Free-text object descriptions

Content starts

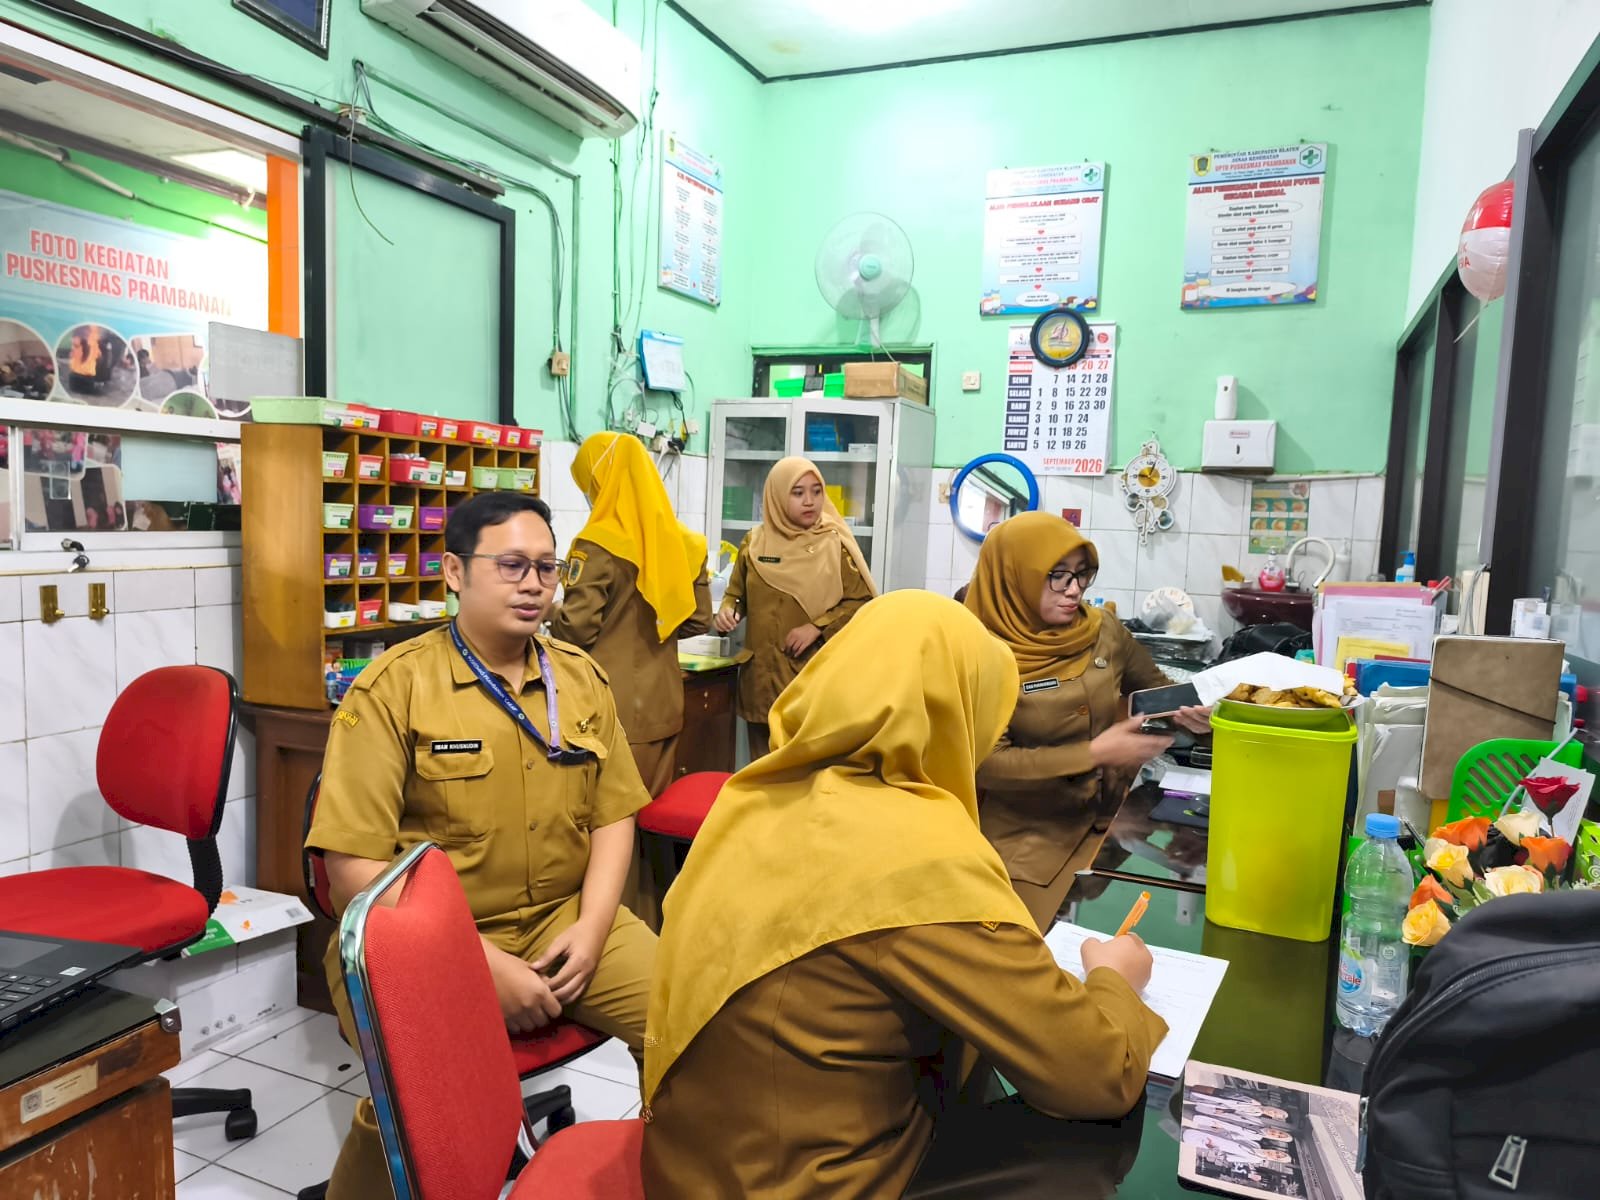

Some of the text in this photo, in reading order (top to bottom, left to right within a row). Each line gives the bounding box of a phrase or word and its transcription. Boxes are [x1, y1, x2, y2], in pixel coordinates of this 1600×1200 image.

[30, 229, 169, 280] FOTO KEGIATAN
[7, 253, 233, 318] PUSKESMAS PRAMBANAN
[1081, 360, 1094, 370] 20
[1098, 360, 1109, 370] 27
[1054, 375, 1059, 384] 7
[1067, 374, 1076, 384] 14
[1081, 374, 1092, 384] 21
[1096, 373, 1108, 384] 28
[1038, 388, 1042, 397] 1
[1052, 388, 1058, 398] 8
[1066, 387, 1076, 397] 15
[1080, 387, 1092, 397] 22
[1095, 387, 1107, 397] 29
[1036, 401, 1042, 411] 2
[1051, 401, 1057, 411] 9
[1065, 401, 1075, 411] 16
[1079, 400, 1090, 411] 23
[1094, 400, 1106, 410] 30
[1035, 414, 1041, 424] 3
[1049, 414, 1059, 424] 10
[1065, 414, 1073, 424] 17
[1078, 414, 1089, 424] 24
[1034, 427, 1040, 437] 4
[1049, 427, 1057, 437] 11
[1062, 427, 1072, 437] 18
[1076, 427, 1088, 437] 25
[1033, 440, 1039, 450] 5
[1047, 440, 1057, 450] 12
[1062, 440, 1072, 450] 19
[1075, 440, 1087, 450] 26
[1043, 458, 1075, 466] SEPTEMBER
[1074, 458, 1103, 473] 2026

Content ends

- [EXERCISE AIM] Reproduce the data above line for line, excluding every picture.

- [OUTPUT FOR THIS EXERCISE]
Some of the text in this photo, in reading order (top to bottom, left to right within a row). Each line gives the bounding box of a phrase or word and its transcription. Boxes are [x1, y1, x2, y2], in pixel coordinates of this 1600×1200 image.

[30, 229, 169, 280] FOTO KEGIATAN
[7, 253, 233, 318] PUSKESMAS PRAMBANAN
[1081, 360, 1094, 370] 20
[1098, 360, 1109, 370] 27
[1054, 375, 1059, 384] 7
[1067, 374, 1076, 384] 14
[1081, 374, 1092, 384] 21
[1096, 373, 1108, 384] 28
[1038, 388, 1042, 397] 1
[1052, 388, 1058, 398] 8
[1066, 387, 1076, 397] 15
[1080, 387, 1092, 397] 22
[1095, 387, 1107, 397] 29
[1036, 401, 1042, 411] 2
[1051, 401, 1057, 411] 9
[1065, 401, 1075, 411] 16
[1079, 400, 1090, 411] 23
[1094, 400, 1106, 410] 30
[1035, 414, 1041, 424] 3
[1049, 414, 1059, 424] 10
[1065, 414, 1073, 424] 17
[1078, 414, 1089, 424] 24
[1034, 427, 1040, 437] 4
[1049, 427, 1057, 437] 11
[1062, 427, 1072, 437] 18
[1076, 427, 1088, 437] 25
[1033, 440, 1039, 450] 5
[1047, 440, 1057, 450] 12
[1062, 440, 1072, 450] 19
[1075, 440, 1087, 450] 26
[1043, 458, 1075, 466] SEPTEMBER
[1074, 458, 1103, 473] 2026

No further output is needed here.